Deer with the growths have been sighted for decades, officials say (Picture: Keri But D&DH/X/@PetnurseSue)
This year has not been too kind to animals in the US.
Americans have spotted so-called ‘Frankenstein’ rabbits oozing sluglike tentacles from their faces and ‘zombie’ squirrels covered in sores in their back yards in recent months.
Now, social media users in New York, Pennsylvania and Wisconsin, among others, say they’re seeing deer covered in fleshy bubbles.
‘A white-tailed deer in Pennsylvania. But what is the growth? Is it a mole? A boil? An injury?’ asked one Reddit user earlier this month.
Clay Moden, a radio show host at WYRK in Buffalo, uploaded trail camera footage of a deer with ‘some sort of growth on it’ in early August.
Don’t go sprinting to your bunker out of fear we’ve got a Last of Us fungal plague on our hands, though.
The deer are infected with deer cutaneous fibroma, a mostly benign infection that can’t spread to other species, including humans.
Better known as deer warts, this strain of fibroma is mainly found in young white-tailed deer and mule deer. It can cause up to two dozen hairless tumours to appear on the animal’s body.
The warts, sometimes as small as a pea to as large as a football, pop up on a deer’s head, neck and forelegs.
These lumps don’t cause the deer any pain, but can hinder their ability to walk, eat or see.
Deer generally overcome the disease on their own within a few months, as the growths slowly dry up and fall off.
One user on X noted last Thursday: ‘…This deer in my yard. [The warts] got worse, then three months later, they were gone.’
A deer covered in warts (Picture: Keri But/D&DH)
The flesh bubbles can be as large as a football (Picture: Matt Harbin/WA Fish & Wildlife)
People have been urged not to touch rabbits infected with a similar virus (Picture: Reddit)
There’s no known cure or treatment and it’s recommended impacted deer be left alone.
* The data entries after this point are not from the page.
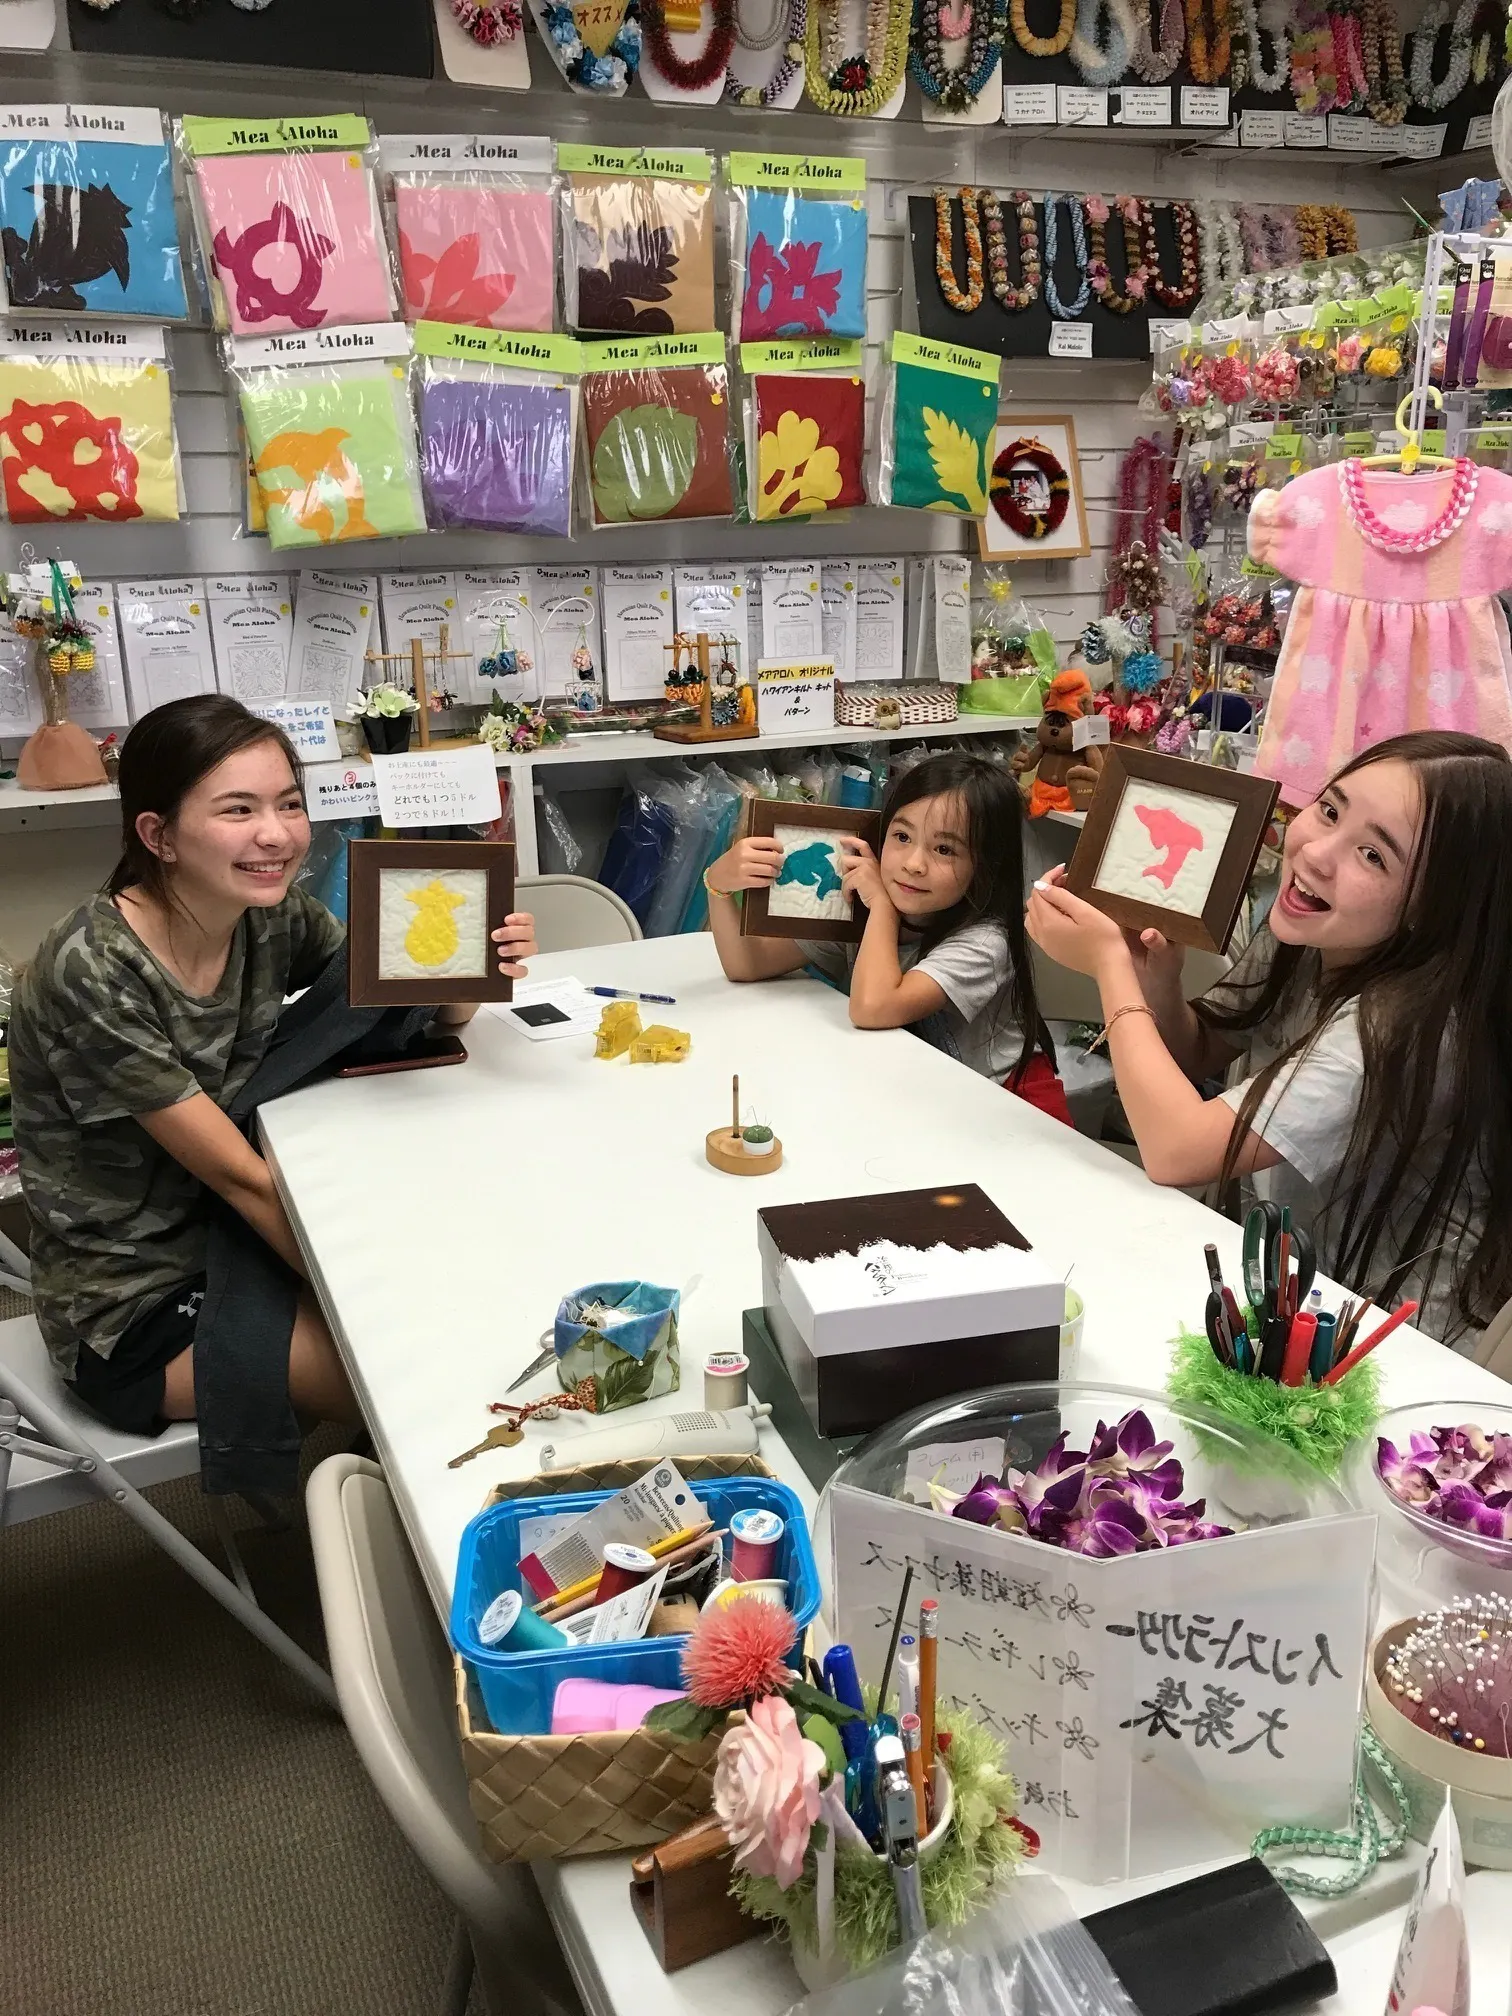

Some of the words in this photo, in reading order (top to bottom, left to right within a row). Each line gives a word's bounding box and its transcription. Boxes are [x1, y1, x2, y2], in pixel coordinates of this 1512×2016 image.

[577, 5, 623, 27] オススメ
[2, 113, 50, 128] Mea
[64, 114, 126, 131] Aloha
[227, 130, 270, 146] Mea
[282, 125, 339, 141] Aloha
[409, 144, 451, 159] Mea
[463, 144, 519, 159] Aloha
[587, 154, 624, 169] Mea
[636, 157, 684, 174] Aloha
[757, 162, 790, 176] Mea
[799, 164, 842, 178] Aloha
[6, 328, 53, 343] Mea
[66, 329, 128, 345] Aloha
[264, 337, 307, 352] Mea
[319, 334, 375, 349] Aloha
[446, 333, 488, 351] Mea
[498, 340, 552, 359] Aloha
[602, 346, 639, 361] Mea
[650, 342, 698, 357] Aloha
[765, 349, 794, 362] Mea
[802, 345, 841, 359] Aloha
[913, 345, 941, 361] Mea
[947, 352, 983, 370] Aloha
[315, 577, 334, 587] Mea
[395, 581, 414, 589] Mea
[687, 574, 704, 582] Mea
[709, 573, 732, 581] Aloha
[221, 584, 241, 593] Mea
[880, 588, 895, 602] Patterns
[223, 608, 246, 625] Hawaiian
[261, 606, 282, 622] Patterns
[307, 612, 330, 624] Hawaiian
[329, 612, 342, 621] Quilt
[342, 616, 358, 634] Patterns
[313, 623, 329, 632] Mea
[329, 627, 352, 636] Aloha
[757, 668, 795, 680] メアアロハ
[799, 665, 835, 677] オリジナル
[761, 683, 813, 696] ハワイアンキルト
[815, 682, 832, 691] キット
[793, 695, 801, 704] &
[391, 780, 461, 791] キーホルダーにしても
[620, 1493, 632, 1505] 20
[652, 1485, 685, 1533] Betweens/Quilting
[660, 1516, 677, 1535] piquer
But if a deer is particularly struggling because of the warty lesions, you should call your local wildlife agency.
Fibroma is transmitted through biting insects, such as mosquitoes, so deer are more likely to contract it in the summer and autumn, when the bugs are most active.
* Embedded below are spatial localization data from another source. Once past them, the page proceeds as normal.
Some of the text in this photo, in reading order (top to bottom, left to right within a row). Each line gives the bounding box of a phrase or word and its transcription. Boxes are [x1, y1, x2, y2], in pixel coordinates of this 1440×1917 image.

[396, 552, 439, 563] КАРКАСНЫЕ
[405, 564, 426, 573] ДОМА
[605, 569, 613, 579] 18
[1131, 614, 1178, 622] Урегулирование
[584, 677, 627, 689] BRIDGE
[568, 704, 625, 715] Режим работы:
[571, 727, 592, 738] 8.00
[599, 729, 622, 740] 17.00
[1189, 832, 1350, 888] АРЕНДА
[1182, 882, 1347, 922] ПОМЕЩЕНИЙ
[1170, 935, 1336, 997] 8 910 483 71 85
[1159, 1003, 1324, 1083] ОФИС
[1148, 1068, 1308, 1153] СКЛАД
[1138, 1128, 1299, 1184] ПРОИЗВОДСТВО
Deer can also be sickened with fibroma by directly contacting a surface where the virus is wriggling on, or by rubbing against an infected deer.
The creatures often trot along the same trails or nibble from the same feeding spots, making transmission possible.
‘Fibromas are more commonly seen in male deer, suggesting that fighting may play a role in transmission of the virus,’ according to the Cornell Wildlife Health Lab.
The Maine Department of Inland Fisheries and Wildlife advises that hunters who harvest an infected deer skin the animal.
The infection caused a scare in 2019, when viral Facebook posts blamed the bulbous deer on a brand of weedkiller, which is not the case.
Many mammals have their own version of deer warts, called papillomas.
Papillomaviruses are behind the recent cases of cottontail rabbits covered in black spikes, which are also spread by mosquitoes and ticks.
This includes humans, too – human papillomavirus (HPV), a common sexually transmitted infection, can cause genital warts.
The harmless growths tend to fall off within a few months (Picture: X/@PetnurseSue)
Dr Omer Awan of the University of Maryland School of Medicine told MailOnline that we might be seeing more ‘gross’ pictures of animals in the future for two reasons.
As humans continue to burn fossil fuels, spewing planet-warming pollution into the air, climate change will make the Earth warmer, helping blood-sucking critters like mosquitoes to thrive.
But another reason for any increases in sightings might not seem as obvious.
‘People are starting to talk about it more, they’re starting to document it more on social media,’ Dr Awan said.